Collected data:

-=-=-=-=-

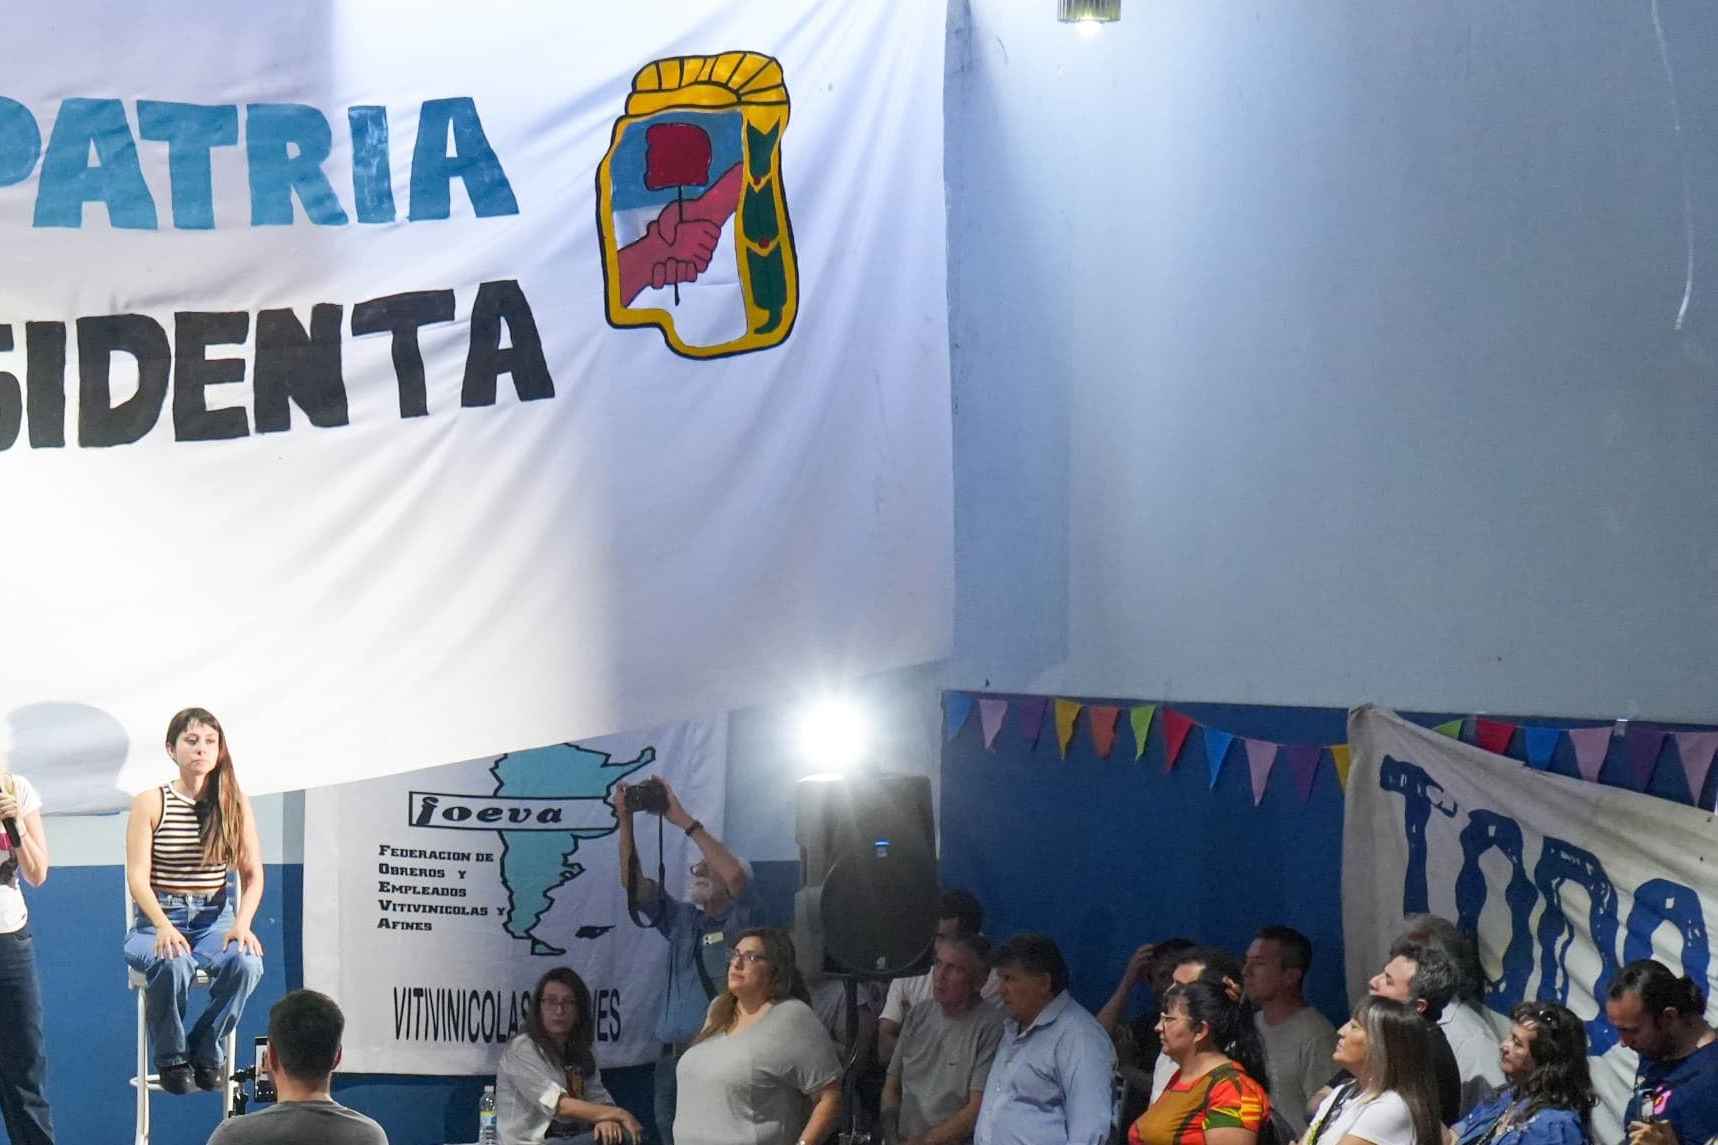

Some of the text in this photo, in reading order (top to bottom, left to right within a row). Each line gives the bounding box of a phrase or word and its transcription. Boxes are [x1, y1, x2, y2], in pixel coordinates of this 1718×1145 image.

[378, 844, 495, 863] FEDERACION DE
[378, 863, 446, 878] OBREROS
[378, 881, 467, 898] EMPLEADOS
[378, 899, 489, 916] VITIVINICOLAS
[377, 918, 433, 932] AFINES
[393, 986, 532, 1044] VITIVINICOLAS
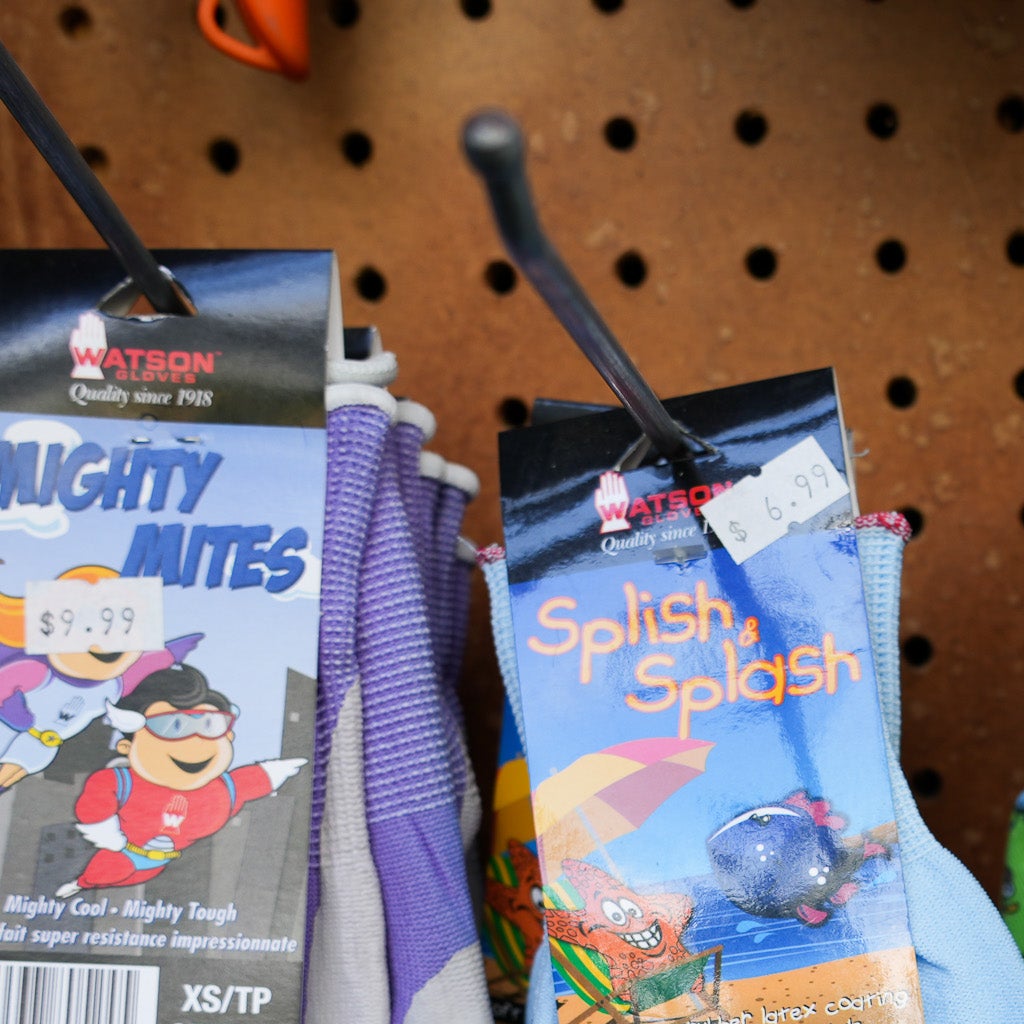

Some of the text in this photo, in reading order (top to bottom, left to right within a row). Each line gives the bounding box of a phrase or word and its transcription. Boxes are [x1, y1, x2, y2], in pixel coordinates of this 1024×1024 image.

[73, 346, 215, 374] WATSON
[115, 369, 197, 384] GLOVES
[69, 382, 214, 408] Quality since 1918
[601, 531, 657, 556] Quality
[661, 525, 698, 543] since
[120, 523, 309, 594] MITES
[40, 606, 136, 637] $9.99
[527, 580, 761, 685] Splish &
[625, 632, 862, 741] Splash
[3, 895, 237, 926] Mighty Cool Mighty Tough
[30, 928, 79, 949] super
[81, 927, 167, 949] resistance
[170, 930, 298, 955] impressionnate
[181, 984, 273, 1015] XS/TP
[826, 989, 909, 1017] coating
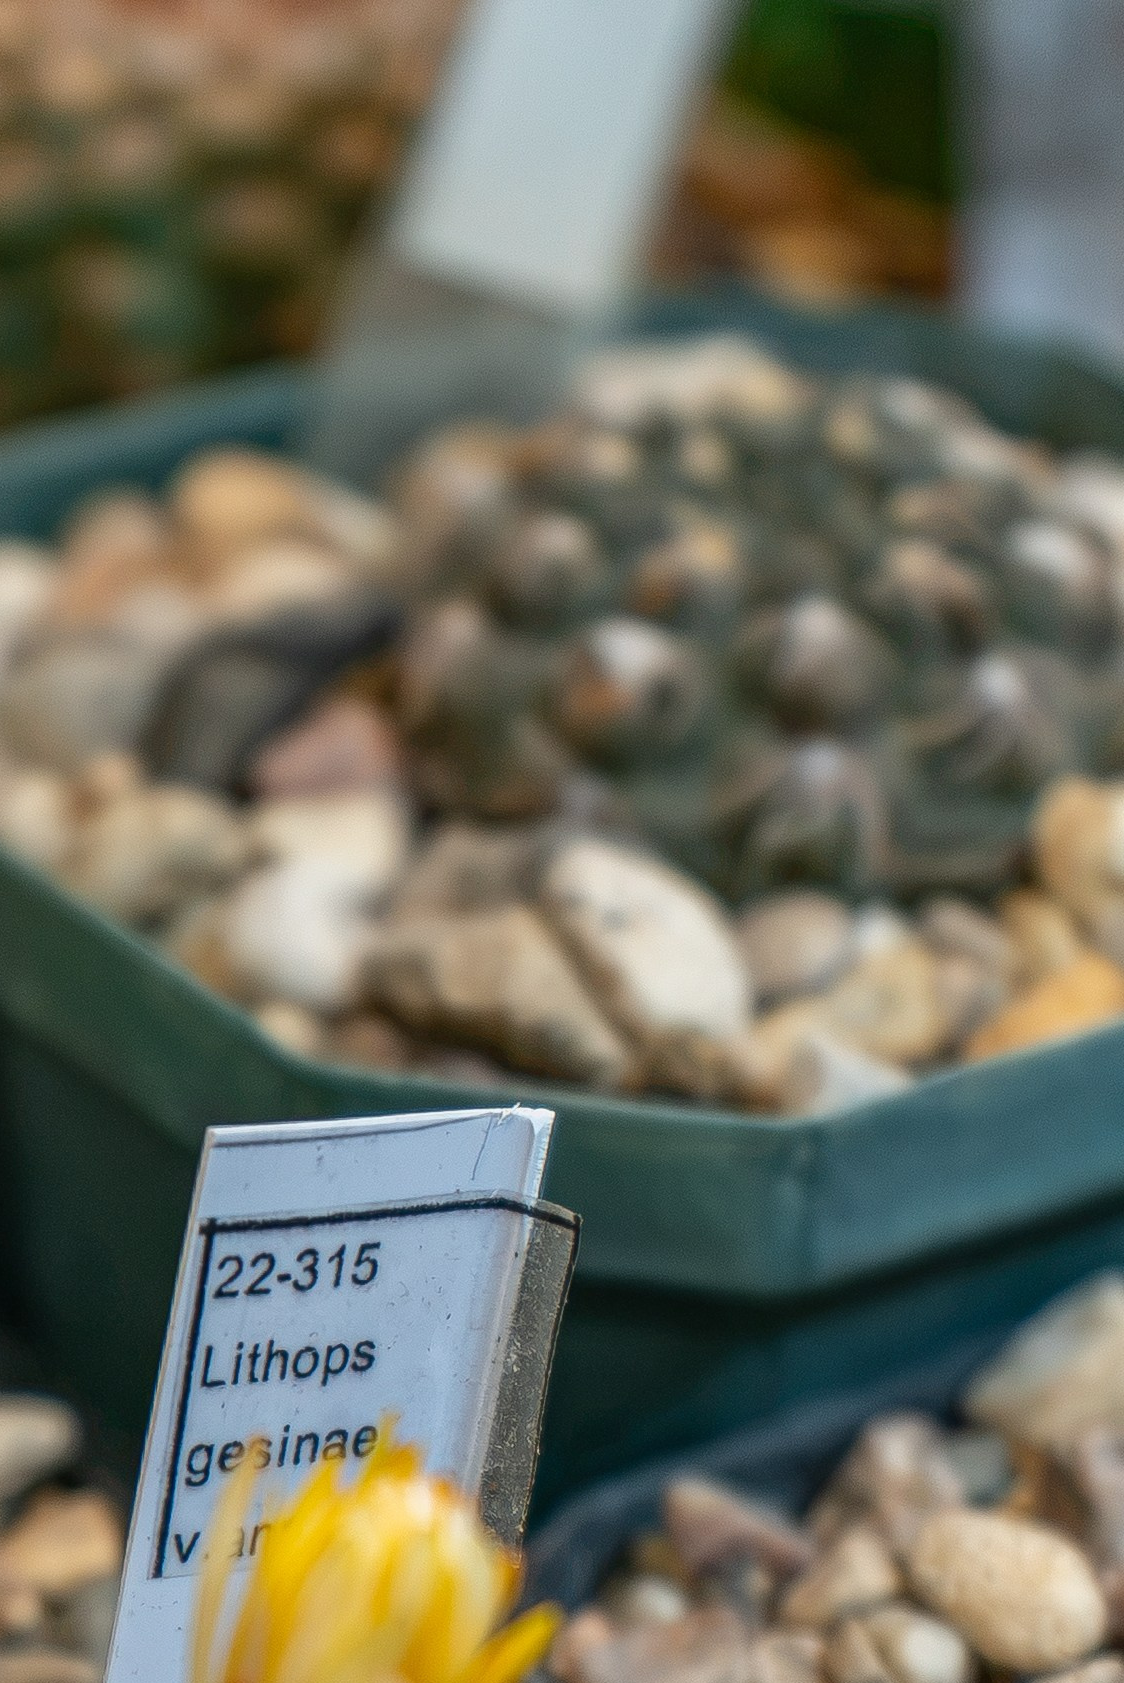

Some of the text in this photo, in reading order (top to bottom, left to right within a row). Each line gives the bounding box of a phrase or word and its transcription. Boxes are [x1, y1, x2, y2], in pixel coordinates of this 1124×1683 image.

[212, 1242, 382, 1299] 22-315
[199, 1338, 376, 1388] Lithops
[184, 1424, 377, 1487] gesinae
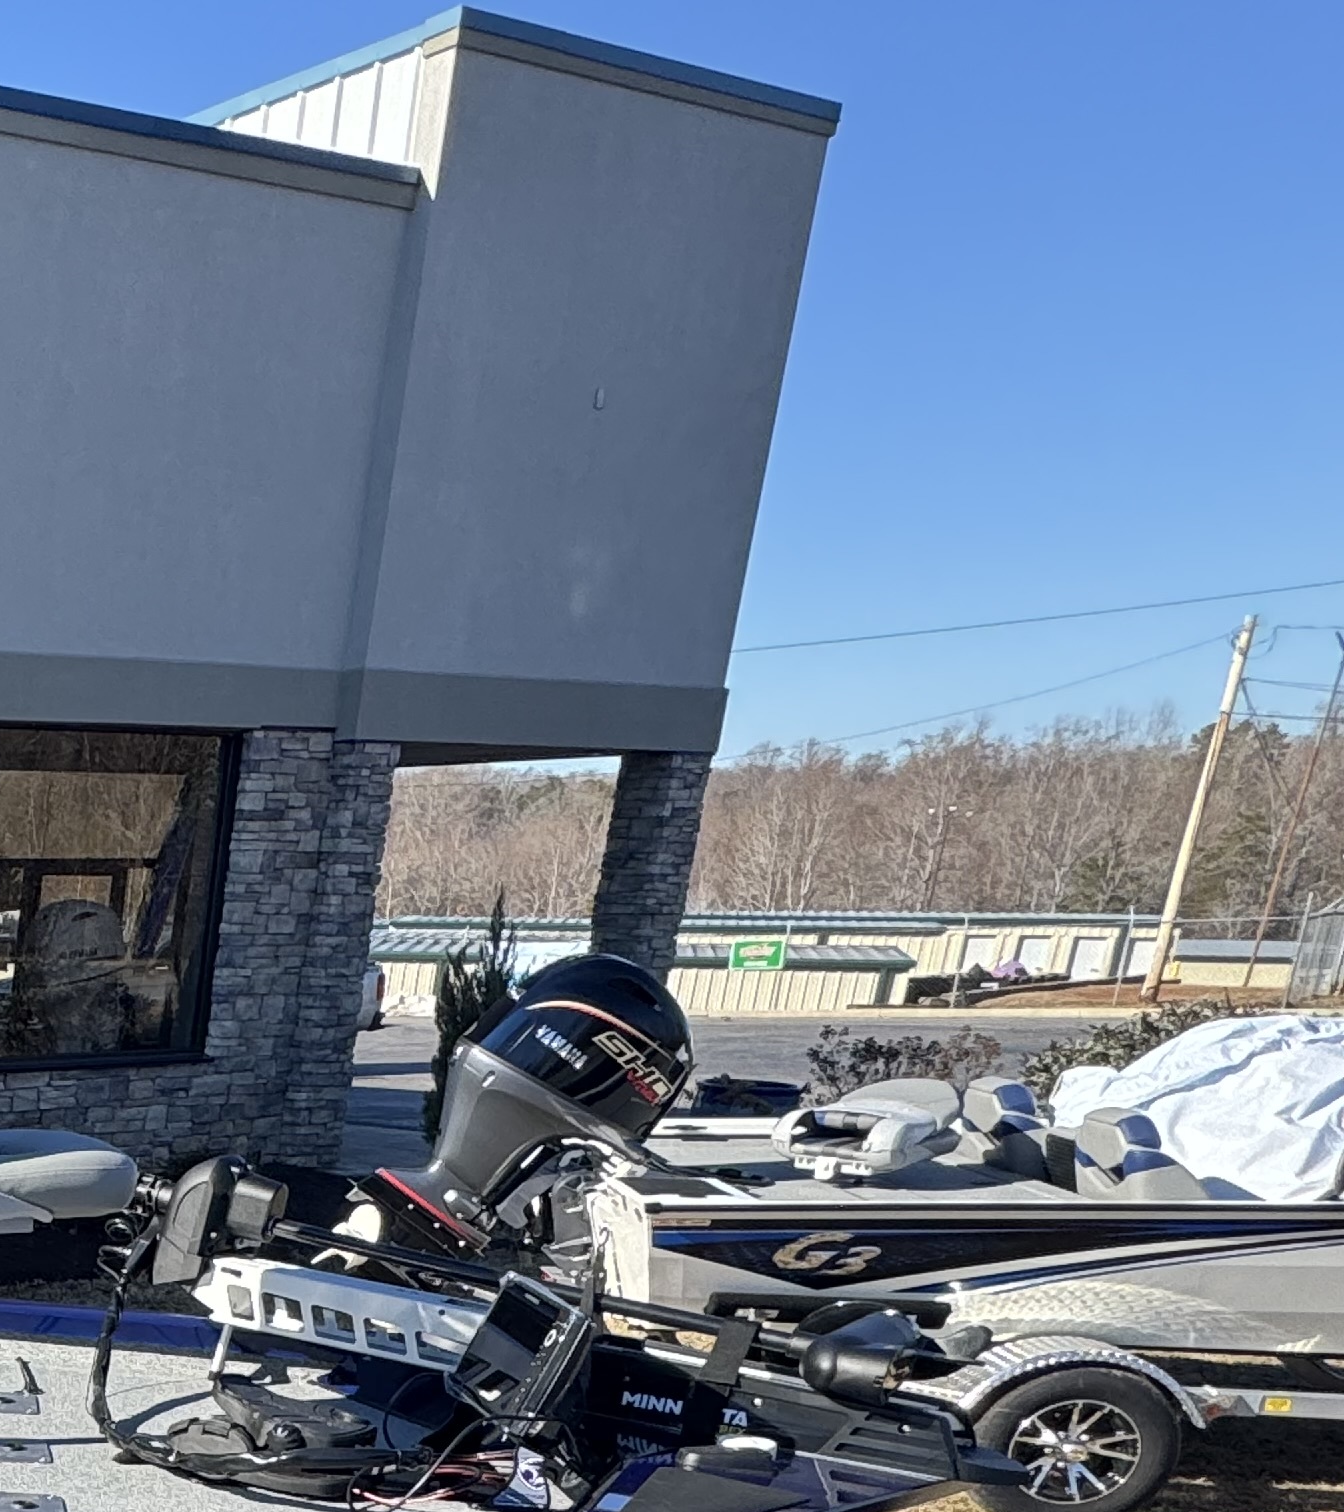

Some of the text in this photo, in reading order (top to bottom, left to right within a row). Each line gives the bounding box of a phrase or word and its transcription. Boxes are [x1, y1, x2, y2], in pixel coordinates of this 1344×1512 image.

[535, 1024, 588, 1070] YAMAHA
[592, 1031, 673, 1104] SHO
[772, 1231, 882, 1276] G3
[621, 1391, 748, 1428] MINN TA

-=-=-=-=-

Work to be completed:
Make a word-for-word copy of the records above, excluding all pictures.

Answer for this exercise:
Some of the text in this photo, in reading order (top to bottom, left to right within a row). Each line gives the bounding box of a phrase or word and its transcription. Boxes are [x1, y1, x2, y2], in pixel coordinates of this 1718×1145 image.

[378, 844, 495, 863] FEDERACION DE
[378, 863, 446, 878] OBREROS
[378, 881, 467, 898] EMPLEADOS
[378, 899, 489, 916] VITIVINICOLAS
[377, 918, 433, 932] AFINES
[393, 986, 532, 1044] VITIVINICOLAS

Some of the text in this photo, in reading order (top to bottom, left to right within a row). Each line gives the bounding box of a phrase or word and its transcription. Boxes are [x1, y1, x2, y2], in pixel coordinates of this 1024×1024 image.

[73, 346, 215, 374] WATSON
[115, 369, 197, 384] GLOVES
[69, 382, 214, 408] Quality since 1918
[601, 531, 657, 556] Quality
[661, 525, 698, 543] since
[120, 523, 309, 594] MITES
[40, 606, 136, 637] $9.99
[527, 580, 761, 685] Splish &
[625, 632, 862, 741] Splash
[3, 895, 237, 926] Mighty Cool Mighty Tough
[30, 928, 79, 949] super
[81, 927, 167, 949] resistance
[170, 930, 298, 955] impressionnate
[181, 984, 273, 1015] XS/TP
[826, 989, 909, 1017] coating

Some of the text in this photo, in reading order (top to bottom, left to right within a row). Each line gives the bounding box of a phrase or word and its transcription. Boxes are [x1, y1, x2, y2], in pixel coordinates of this 1124×1683 image.

[212, 1242, 382, 1299] 22-315
[199, 1338, 376, 1388] Lithops
[184, 1424, 377, 1487] gesinae

Some of the text in this photo, in reading order (top to bottom, left to right within a row). Each line gives the bounding box of a phrase or word and its transcription. Boxes are [x1, y1, x2, y2], in pixel coordinates of this 1344×1512 image.

[535, 1024, 588, 1070] YAMAHA
[592, 1031, 673, 1104] SHO
[772, 1231, 882, 1276] G3
[621, 1391, 748, 1428] MINN TA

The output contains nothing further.